What do you see as your biggest challenge(s) in your future career?
As a graduate student working in both an engineering and a discovery-based biology lab, I've realized the importance and difficulties associated with communicating technical information between experts in different fields of research. I foresee a constant theme in my career to be breaking these barriers and pursuing a common language between seemingly diverse fields of science and engineering so that we can continue to foster interdisciplinary research.
How do you feel your program is preparing you for those challenges?
Practice makes perfect! Since coming to UBC I've had ample opportunities to practice my public speaking in front of various audiences, whether during lab meetings, class seminars, or the UBC 3 Minute Thesis Competition.

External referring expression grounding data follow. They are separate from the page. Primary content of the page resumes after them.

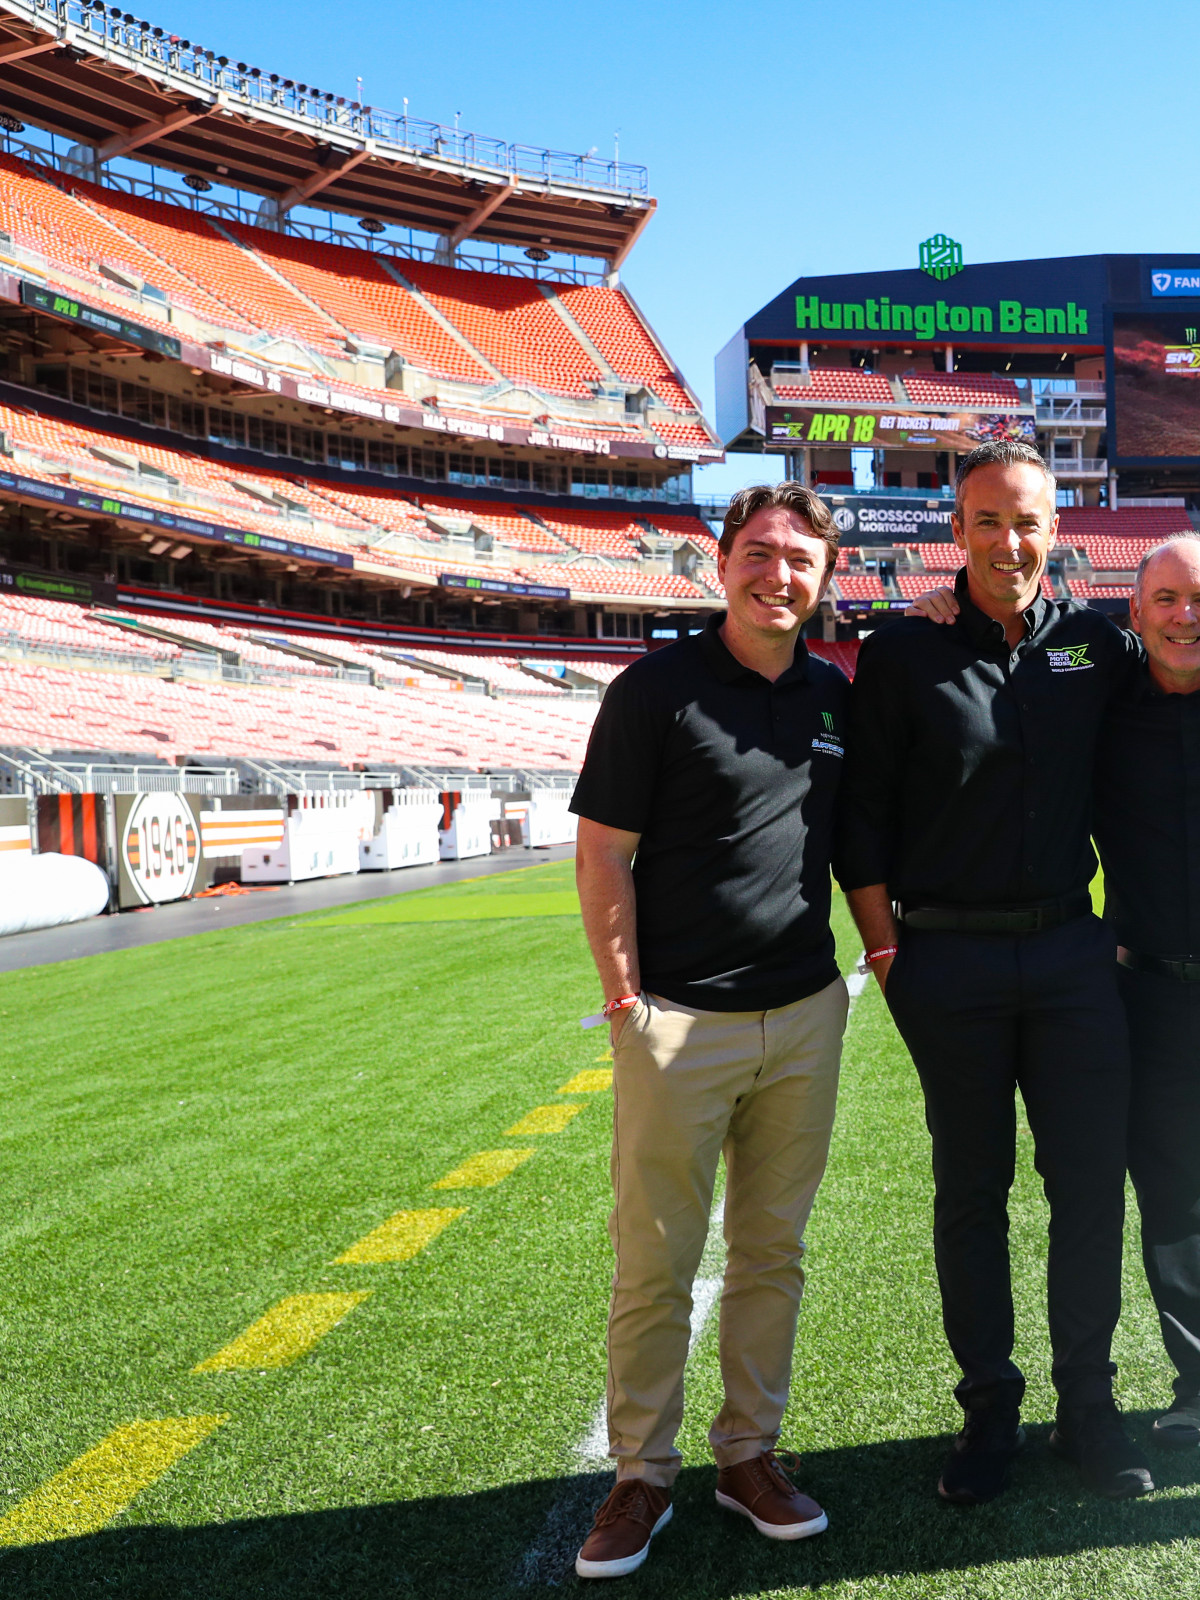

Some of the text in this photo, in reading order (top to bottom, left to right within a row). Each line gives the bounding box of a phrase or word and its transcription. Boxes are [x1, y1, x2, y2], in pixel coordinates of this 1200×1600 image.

[54, 297, 69, 315] APR
[70, 303, 79, 318] 18
[796, 296, 1088, 340] Huntington Bank
[266, 372, 281, 392] 76
[423, 414, 447, 430] MAC
[447, 418, 489, 437] SPEEDIE
[807, 414, 851, 441] APR
[852, 415, 876, 442] 18
[879, 415, 960, 431] GET TICKETS TODAY!
[528, 431, 611, 454] JOE THOMAS 73
[859, 523, 918, 534] MORTGAGE
[142, 814, 185, 879] 1946
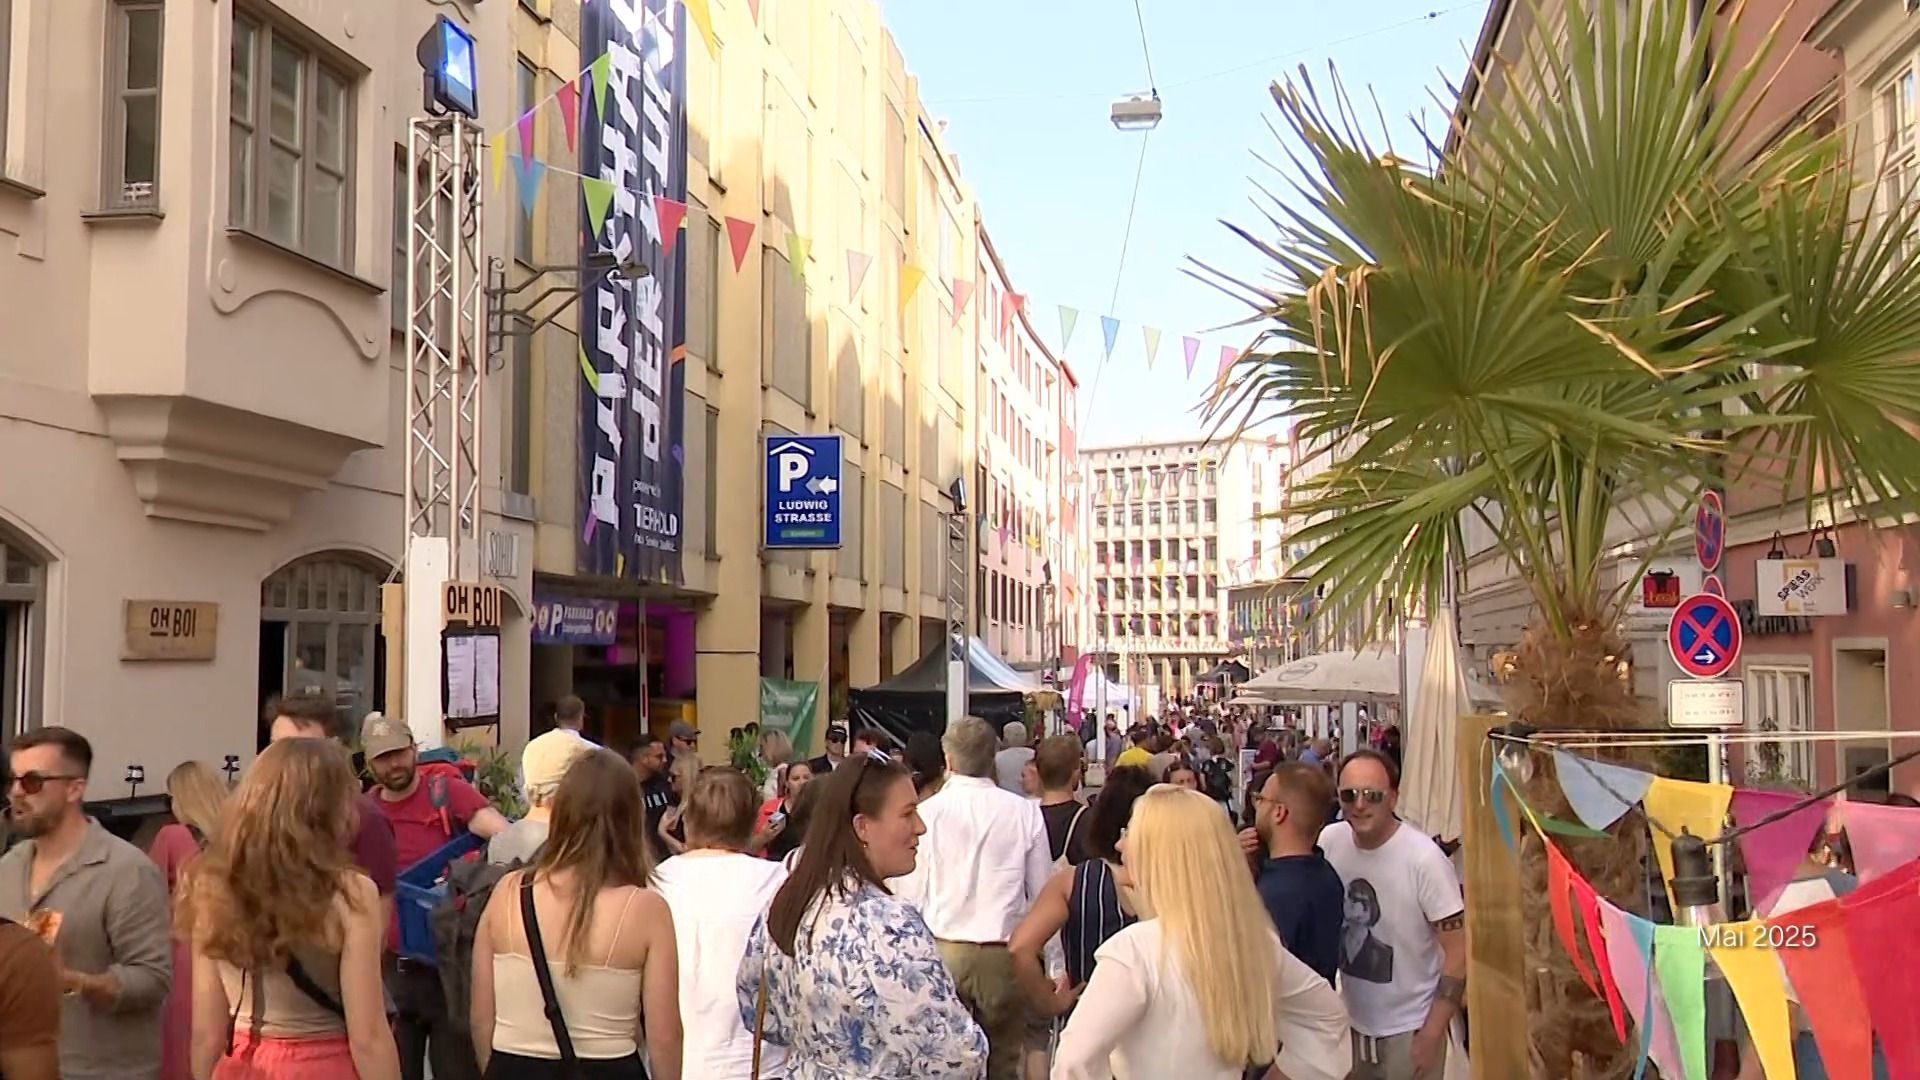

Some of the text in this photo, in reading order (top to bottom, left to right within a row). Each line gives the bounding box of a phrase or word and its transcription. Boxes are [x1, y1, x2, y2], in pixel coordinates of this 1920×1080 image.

What aspects of your life or career before now have best prepared you for your UBC graduate program?
My engineering undergraduate degree at Queen's University taught me two essential skills I needed to succeed in graduate school: how to learn independently and how to work effectively in groups. My thesis work requires a constant balance of independent research and collaboration with my lab members.
What do you like to do for fun or relaxation?
I try and spend as much time as possible outdoors, preferably in the sunshine. Since coming to UBC I've learned to row and have joined the UBC varsity rowing team. This has been an amazing way to meet students outside of my program, to test my time management skills, and to compete in a new sport. On my weekends I try and explore at least one new place with my friends, whether that's a new restaurant, hiking trail, or a quiet place to read.
What advice do you have for new graduate students?
Get curious, get excited, and don't worry too much about the details! Graduate studies must be primarily motivated by your own curiosity and enthusiasm. However, I was nervous coming to UBC because I didn't have a particular research area of interest that I wanted to pursue. This year I've discovered that as long as you are open-minded and willing to learn, your mentors are there to guide and support you in the synthesis of your project.